=== MATERIALS PROVIDED ===

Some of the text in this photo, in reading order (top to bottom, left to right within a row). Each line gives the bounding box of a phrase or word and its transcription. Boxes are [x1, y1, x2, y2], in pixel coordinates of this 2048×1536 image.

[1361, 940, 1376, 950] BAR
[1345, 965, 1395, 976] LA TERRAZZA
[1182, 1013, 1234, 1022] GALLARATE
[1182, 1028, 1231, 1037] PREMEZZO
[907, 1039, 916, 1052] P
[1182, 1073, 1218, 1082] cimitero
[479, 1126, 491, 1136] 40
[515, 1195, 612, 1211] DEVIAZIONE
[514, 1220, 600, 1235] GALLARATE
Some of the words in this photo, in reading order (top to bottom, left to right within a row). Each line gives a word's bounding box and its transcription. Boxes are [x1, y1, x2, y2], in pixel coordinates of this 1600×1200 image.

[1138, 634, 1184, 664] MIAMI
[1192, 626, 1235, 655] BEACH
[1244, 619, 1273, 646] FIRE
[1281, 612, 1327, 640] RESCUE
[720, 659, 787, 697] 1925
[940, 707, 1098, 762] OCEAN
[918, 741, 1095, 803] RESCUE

===

TO DO — Give back the data above, repeating every record exactly.

SOLVED PROBLEM —
Some of the text in this photo, in reading order (top to bottom, left to right within a row). Each line gives the bounding box of a phrase or word and its transcription. Boxes are [x1, y1, x2, y2], in pixel coordinates of this 2048×1536 image.

[1361, 940, 1376, 950] BAR
[1345, 965, 1395, 976] LA TERRAZZA
[1182, 1013, 1234, 1022] GALLARATE
[1182, 1028, 1231, 1037] PREMEZZO
[907, 1039, 916, 1052] P
[1182, 1073, 1218, 1082] cimitero
[479, 1126, 491, 1136] 40
[515, 1195, 612, 1211] DEVIAZIONE
[514, 1220, 600, 1235] GALLARATE
Some of the words in this photo, in reading order (top to bottom, left to right within a row). Each line gives a word's bounding box and its transcription. Boxes are [x1, y1, x2, y2], in pixel coordinates of this 1600×1200 image.

[1138, 634, 1184, 664] MIAMI
[1192, 626, 1235, 655] BEACH
[1244, 619, 1273, 646] FIRE
[1281, 612, 1327, 640] RESCUE
[720, 659, 787, 697] 1925
[940, 707, 1098, 762] OCEAN
[918, 741, 1095, 803] RESCUE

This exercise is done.